People in Australia have been making quite a political football out of asylum seekers of late, especially any that happen to cross the seas in a boat. To those people who want to see us treat these people to the conditions of places such as Christmas Island and then send them home, I suggest as you exercise your vote on Saturday, you take a moment to reflect on how lucky you are to be able to stroll down to the polling station, kids in tow, grab a snag from the fund raising sausage sizzle and wander home in peace. With your hands still attached to your wrists. No bullet through your head. No risk of your wife or daughter being raped because you had the audacity to vote.
Treat your right to vote with the respect it deserves and while you are doing it, have a thought for those who flee from regimes where it is perilous to attempt to achieve the freedoms we take for granted.
Laws or no laws, the numbers are bad
Children. Vulnerable, dependant, lovable, cute: they can also be little horrors as any parent knows. Adults of this world are responsible for ensuring the safety and upbringing of our children.
Today’s edition of The Age carried a story that should make all of us stop and think, irrespective of our voting preferences. I’m happy to let the politicians argue over our laws: what we do or don’t have and is it enough. What I DO know is that the numbers in the article are not what we should expect from a civilised country. “… more than 1000 incidents in 2009-10 that were classified category 1 ...” and “More than 21,100 category 2 incidents were reported – events that seriously threaten clients or staff.”

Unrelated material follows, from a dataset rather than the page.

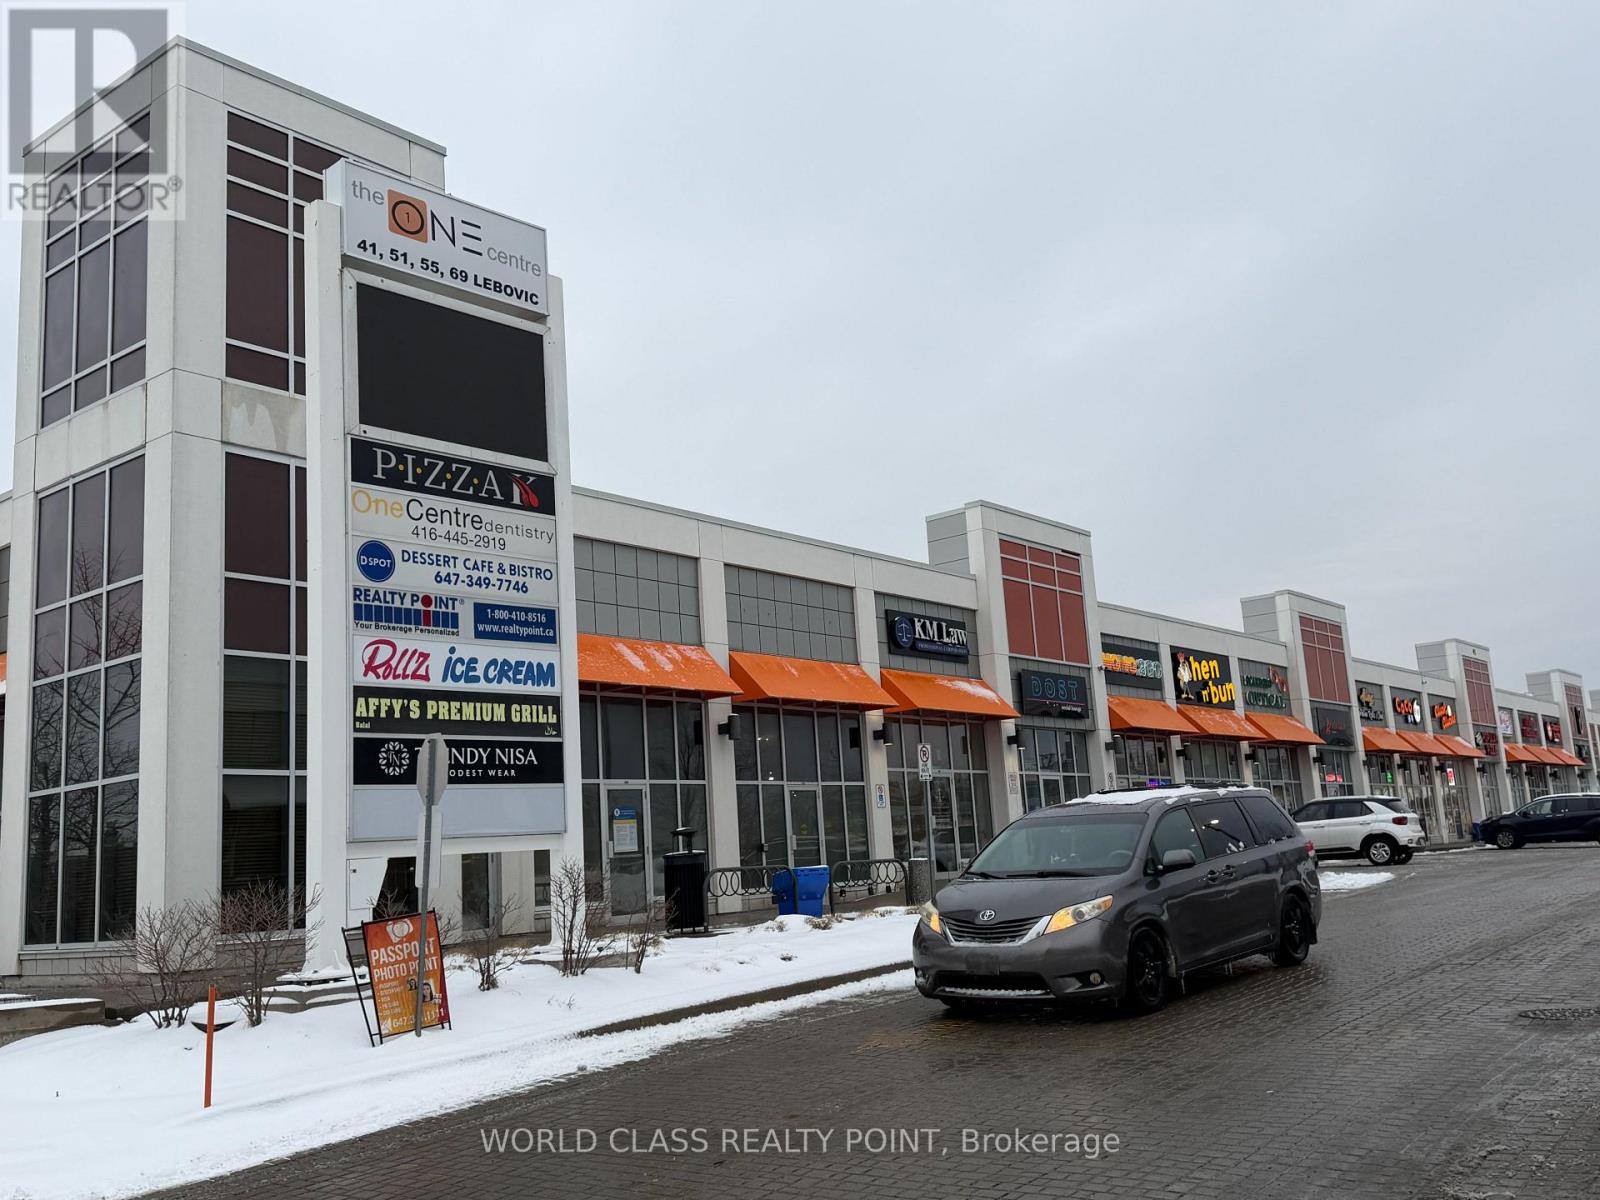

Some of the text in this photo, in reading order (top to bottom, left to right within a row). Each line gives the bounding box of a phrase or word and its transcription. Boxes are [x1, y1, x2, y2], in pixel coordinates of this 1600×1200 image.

Australia is a signatory to the Hague Convention of 1996 and to the UN Convention on the Rights of the Child.
The latter specifically states:
Article 19
1. States Parties shall take all appropriate legislative, administrative, social and educational measures to protect the child from all forms of physical or mental violence, injury or abuse, neglect or negligent treatment, maltreatment or exploitation, including sexual abuse, while in the care of parent(s), legal guardian(s) or any other person who has the care of the child.
Australia (not just Victoria) has had some really horrendous cases of child abuse lately. The field of child protection cannot be an easy field to work in: I expect the stress levels would be quite high. Clearly from the article in The Age, the staff turnover is very high.
As I mentioned in an earlier entry, Hilary Clinton made famous a Nigerian proverb, “It takes a village to raise a child”.
On the numbers given, this village, our village, is clearly failing a great many children. While we can attempt to protect the children most at risk, to me this is a reactive process. We have to find a proactive approach at look for the sources of the problems. Why are so many people placing children in these situations? What can we do to minimise, if not prevent, this happening?
A while ago I wrote about “Moving Forward” and covered several aspects of the state’s “rules” relating to protecting children and how there seemed on the face of it to be considerable contradiction when looking at the larger picture. My comments there are also applicable to this entry today.
The best most of us can do is NOT turn a blind eye. We are members of the village. It takes a village to raise a child.